Krakow, Auschwitz, and Wieliczka: 3-day memorial and UNESCO itinerary

Updated:

From Krakow: Auschwitz-Birkenau guided tour & hotel pickup

Duration: 3.5h

Check availability

Kraków’s two UNESCO world heritage sites and one memorial site in three days

This itinerary is designed for visitors with a specific purpose: seeing Auschwitz-Birkenau properly, visiting Wieliczka Salt Mine fully, and using Kraków’s Old Town as a base without compressing either major excursion into a half-day rush. The three days have a deliberate rhythm — city context first, the memorial in the middle alone, and the mine as the final experience.

On the logic of the sequence: Spending Day 1 in Kraków establishes context before Auschwitz. You understand the city the Nazis occupied, the Kazimierz neighbourhood from which Jews were deported, the Schindler Factory in Podgórze where some were protected. Then Day 2 at Auschwitz-Birkenau lands differently. Day 3 at Wieliczka provides a genuinely different kind of wonder — human ingenuity and underground beauty — as the closing note.


Day 1: Kraków — context, history, and Jewish heritage

9:00 — Old Town orientation

Start with a walk from the Florian Gate south along the Royal Route. The medieval defensive system — Barbican, gate, city wall — established Kraków as the political and commercial capital of Poland from the 11th century. Under Nazi occupation from September 1939, the entire Jewish population of this city was first persecuted, then concentrated in the Kazimierz neighbourhood, then transferred to the Podgórze Ghetto, then deported to death camps. Understanding Kraków before you visit Auschwitz is important.
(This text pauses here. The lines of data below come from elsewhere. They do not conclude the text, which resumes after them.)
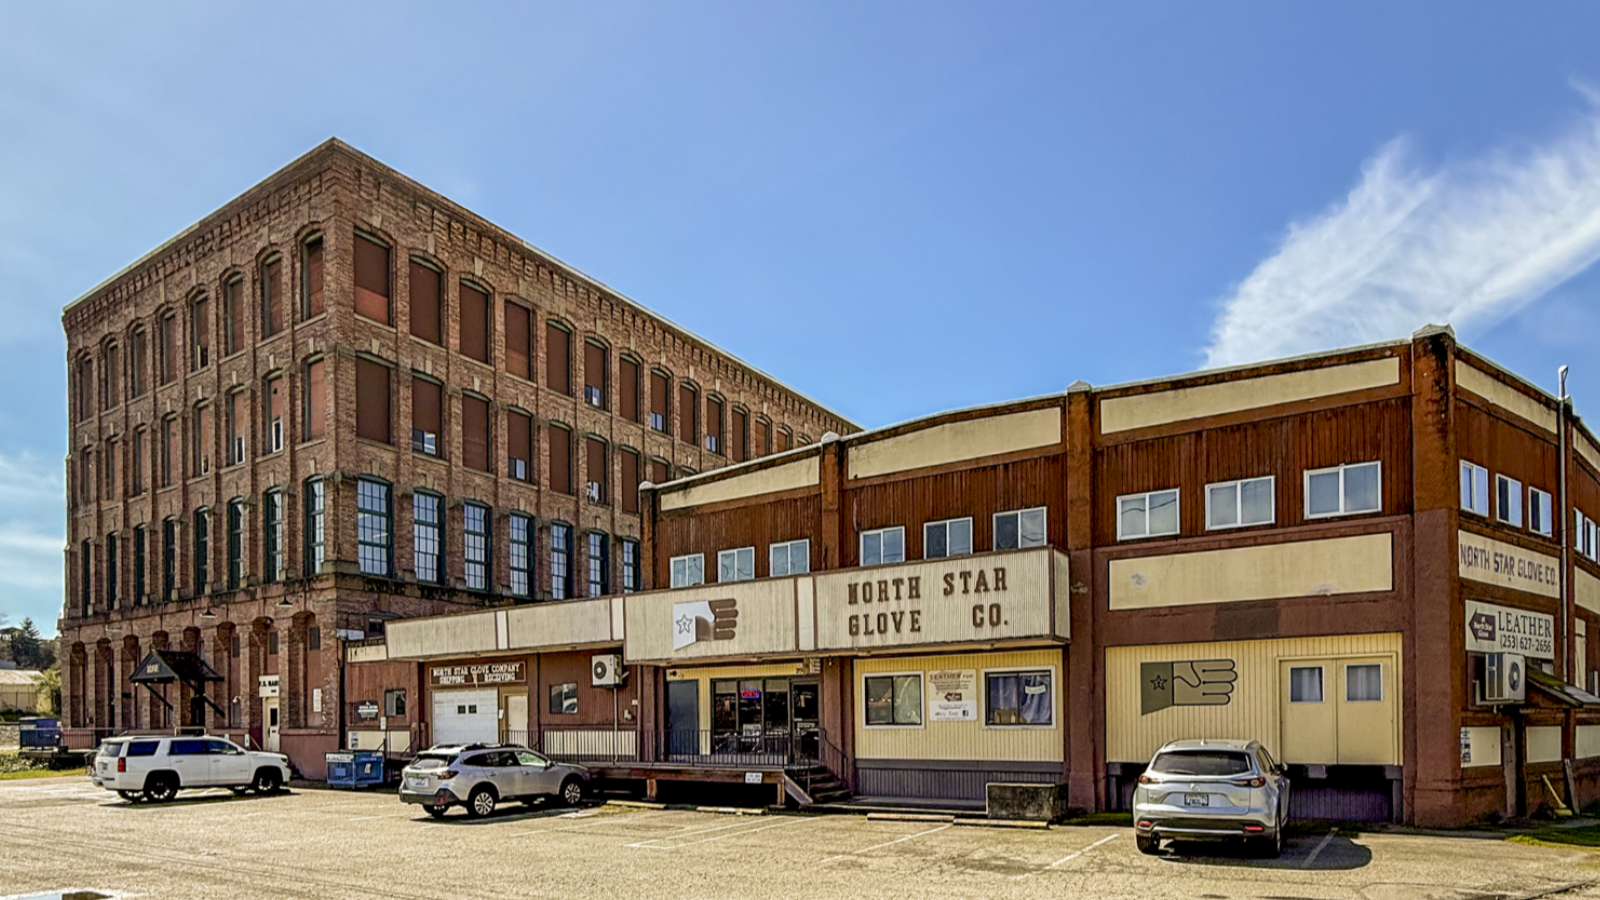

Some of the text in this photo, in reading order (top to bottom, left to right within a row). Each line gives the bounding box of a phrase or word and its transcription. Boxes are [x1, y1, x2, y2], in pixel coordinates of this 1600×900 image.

[1460, 544, 1557, 587] NORTH STAR GLOVE CO.
[848, 567, 1007, 605] NORTH STAR
[848, 603, 1009, 636] GLOVE CO.
[1498, 611, 1552, 638] LEATHER
[1500, 634, 1552, 653] (253) 627-2656
[433, 663, 520, 677] NORTH STAR GLOVE COMPANY
[440, 673, 516, 684] SHIPPING RECEIVING
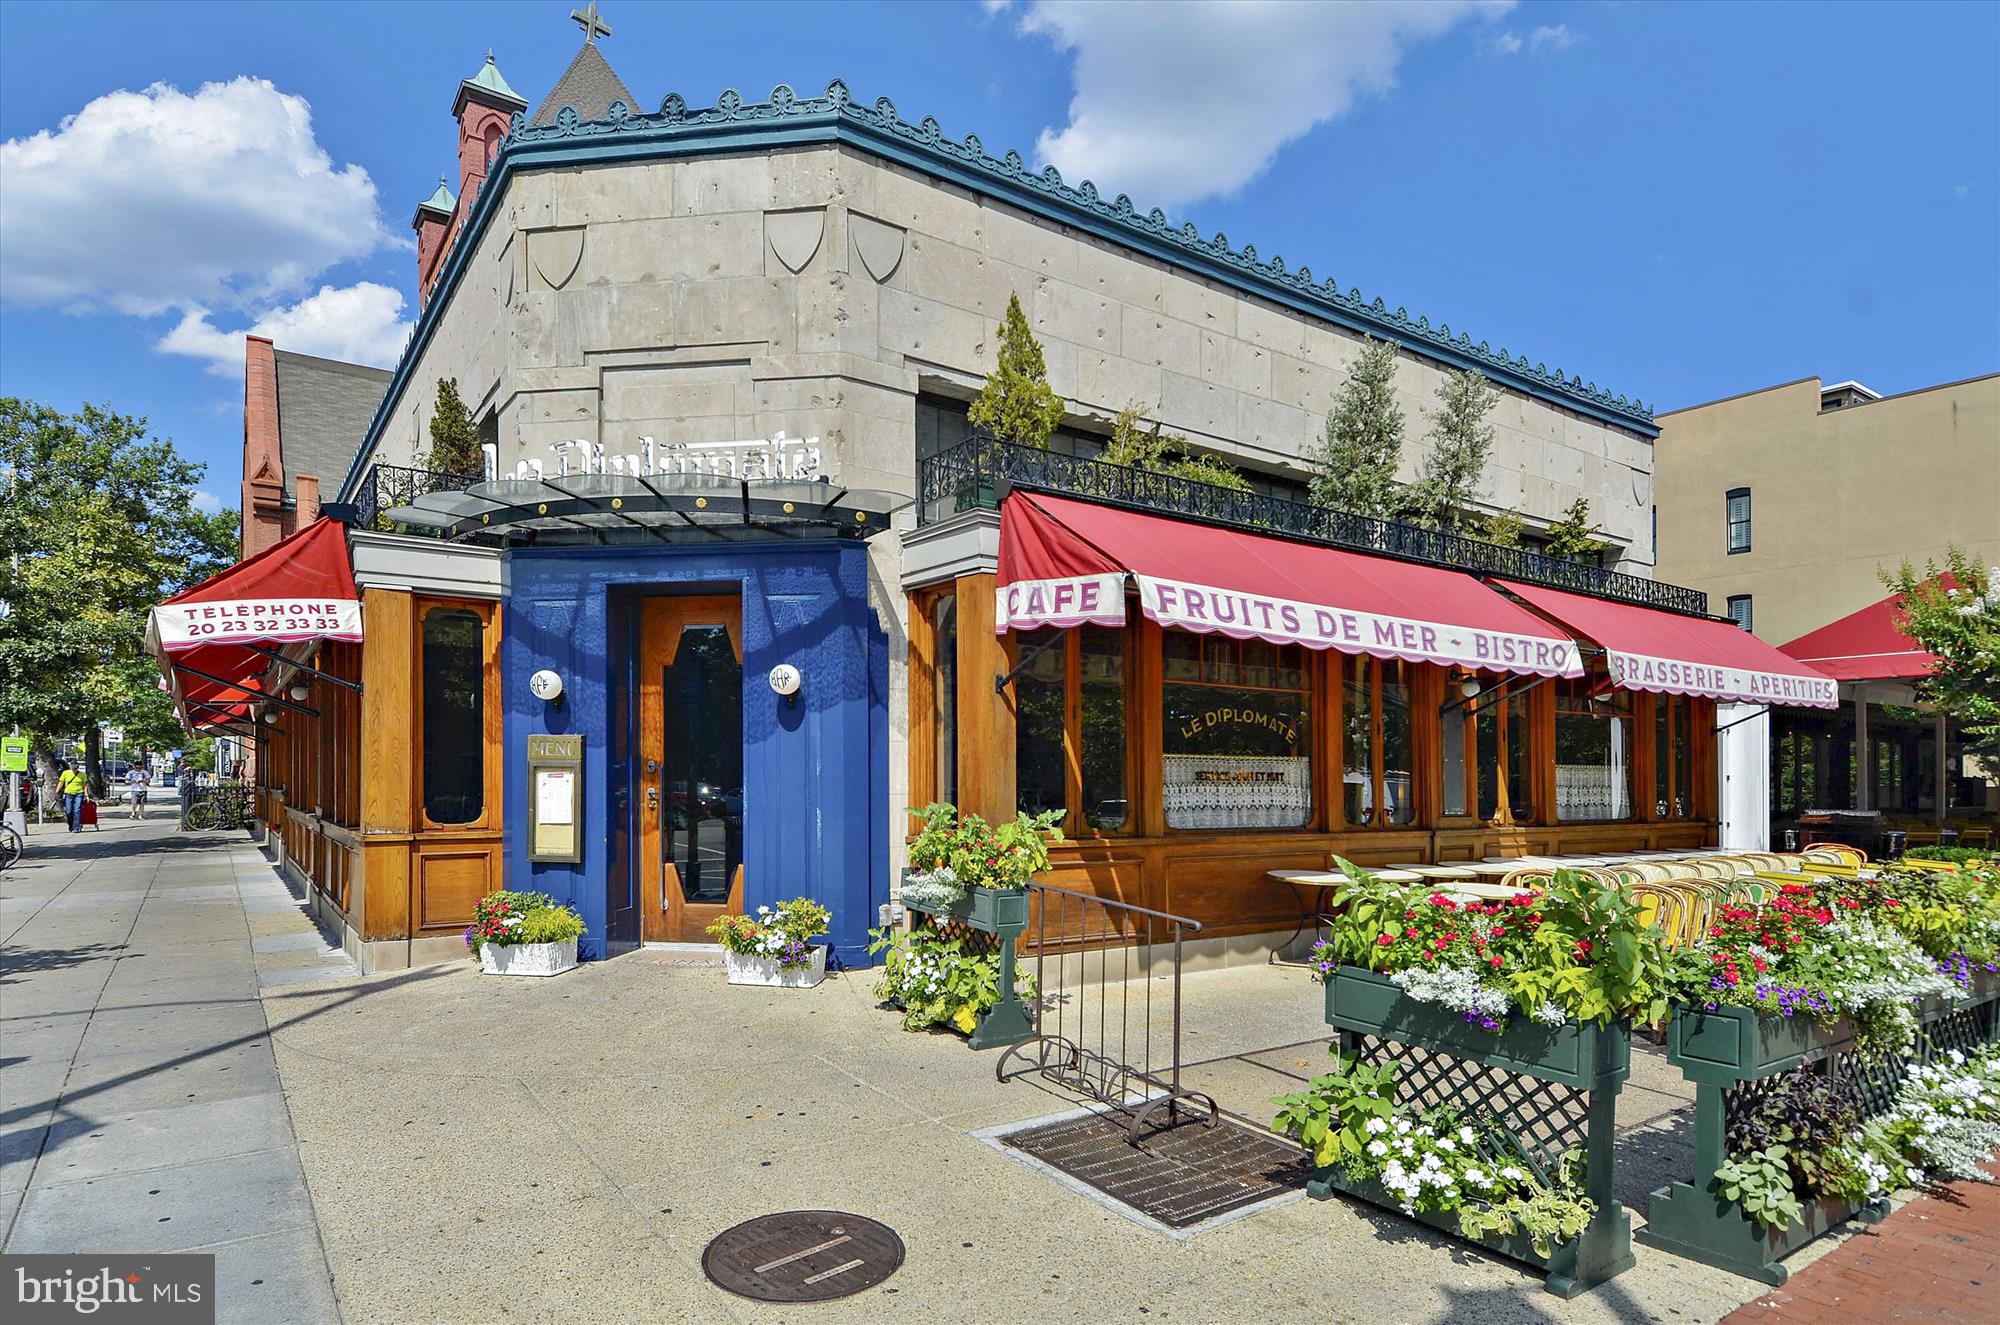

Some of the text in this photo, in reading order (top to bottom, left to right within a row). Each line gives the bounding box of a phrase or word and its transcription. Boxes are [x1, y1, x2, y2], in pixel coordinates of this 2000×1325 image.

[184, 603, 337, 620] TÉLÉPHONE
[1007, 581, 1100, 616] CAFE
[188, 618, 340, 636] 20 23 32 33 33
[1154, 583, 1300, 634] FRUITS
[1314, 610, 1360, 641] DE
[1372, 619, 1438, 652] MER
[1473, 633, 1567, 668] BISTRO
[1614, 655, 1726, 690] BRASSERIE
[1180, 708, 1297, 744] LE DIPLOMATE
[531, 741, 577, 756] MENU
[1255, 771, 1266, 781] ET
Krakow Old Town guided walking tour provides the historical framework in 2 hours — recommended for anyone whose primary interest is the occupation and memorial history.
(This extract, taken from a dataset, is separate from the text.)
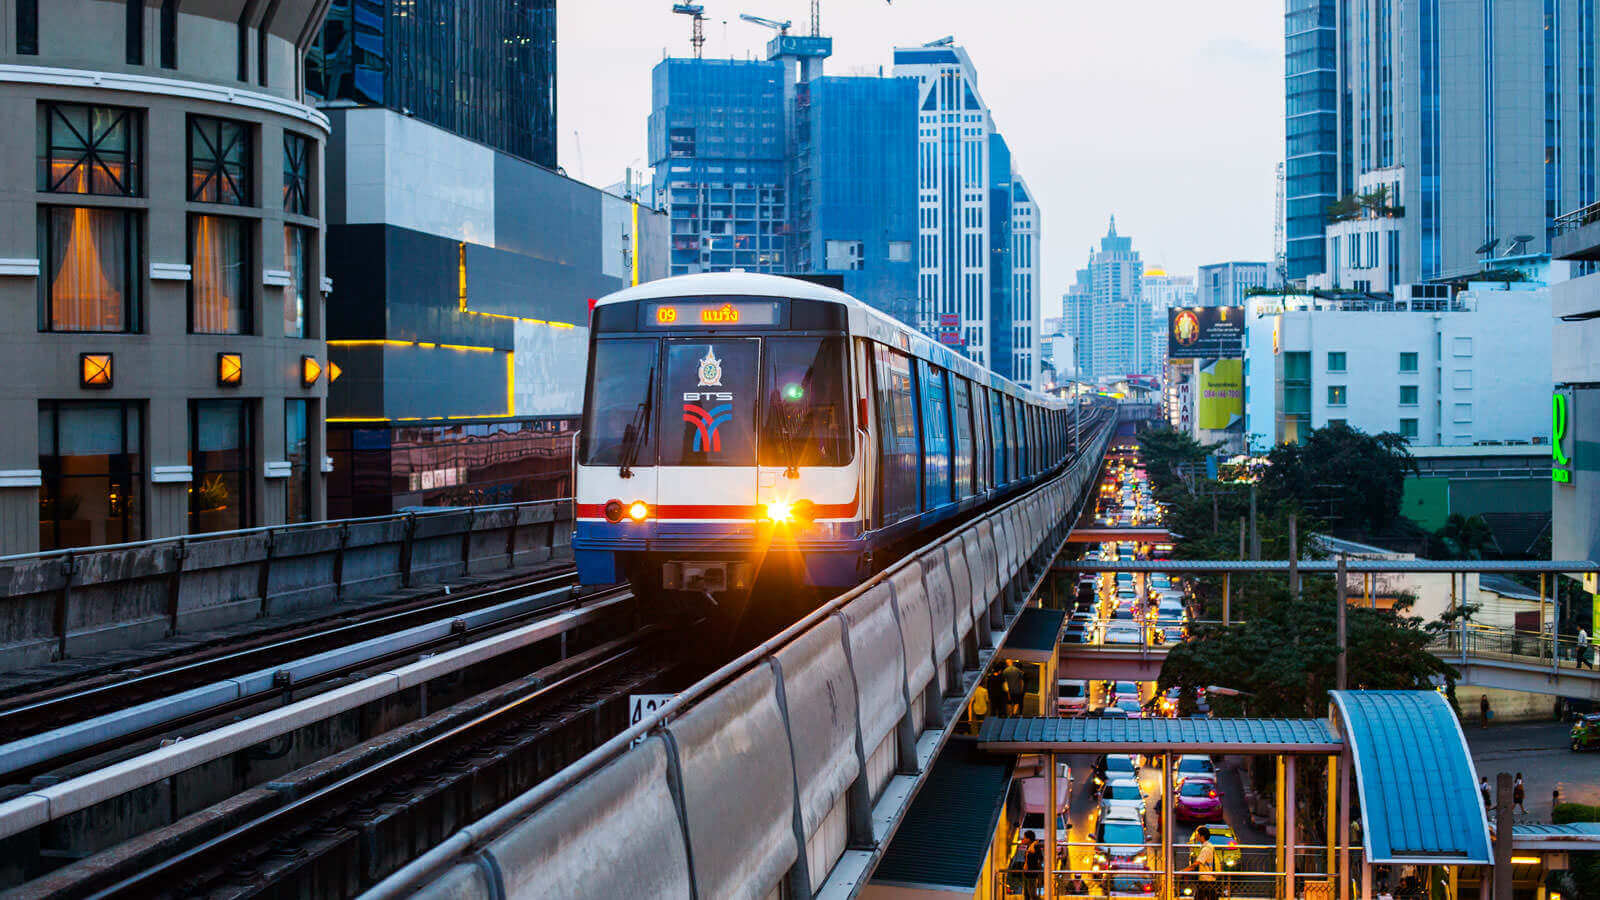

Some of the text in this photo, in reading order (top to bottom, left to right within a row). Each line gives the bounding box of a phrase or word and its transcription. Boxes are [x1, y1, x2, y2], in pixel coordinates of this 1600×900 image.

11:30 — Schindler’s Factory Museum

Cross to Podgórze for the most direct museum preparation for Auschwitz. Schindler’s Factory Museum (ul. Lipowa 4, 32 PLN) covers Nazi occupation of Kraków chronologically, from the 1939 invasion through the Ghetto liquidation in 1943 to liberation. Book timed entry in advance.

Krakow Schindler Factory Museum guided tour. The guided visit covers the specific histories of individuals who lived and died in the city — not statistics, but people. Allow 2 hours.

14:00 — Ghetto memorials and Kazimierz

Walk west to Plac Bohaterów Getta — the 33 chairs memorial. The Pharmacy Under the Eagle (18 PLN) tells Tadeusz Pankiewicz’s story of remaining in the Ghetto by choice, as the only non-Jewish Pole permitted to stay. Find the Ghetto wall fragments on ul. Lwowska — tombstone-shaped blocks, a deliberately dehumanising architectural choice.

Then cross to Kazimierz. The Galicia Jewish Museum (ul. Dajwór 18, 22 PLN) uses photography to document Jewish Galicia before and after the Holocaust — “Traces of Memory” is the right exhibition to see before Auschwitz. The Old Synagogue (ul. Szeroka 24, 17 PLN) is Poland’s oldest synagogue, in a 15th-century building that survived the war.

17:00 — Return to the Old Town

Walk back through the Planty and into the Rynek. Stop at the Rynek Underground Museum if you have energy: the medieval trade city that existed here for 700 years before the 20th century provides a deeper sense of what was destroyed.

19:30 — Quiet dinner

Keep this evening simple and early. Bar Mleczny Centralny (ul. Jagiellońska 1) for traditional Polish food at 15–25 PLN per dish. Or soup and pierogi at Pierogarnia Mandu (ul. Sławkowska 14). Tomorrow will be demanding — sleep is more important than an elaborate evening.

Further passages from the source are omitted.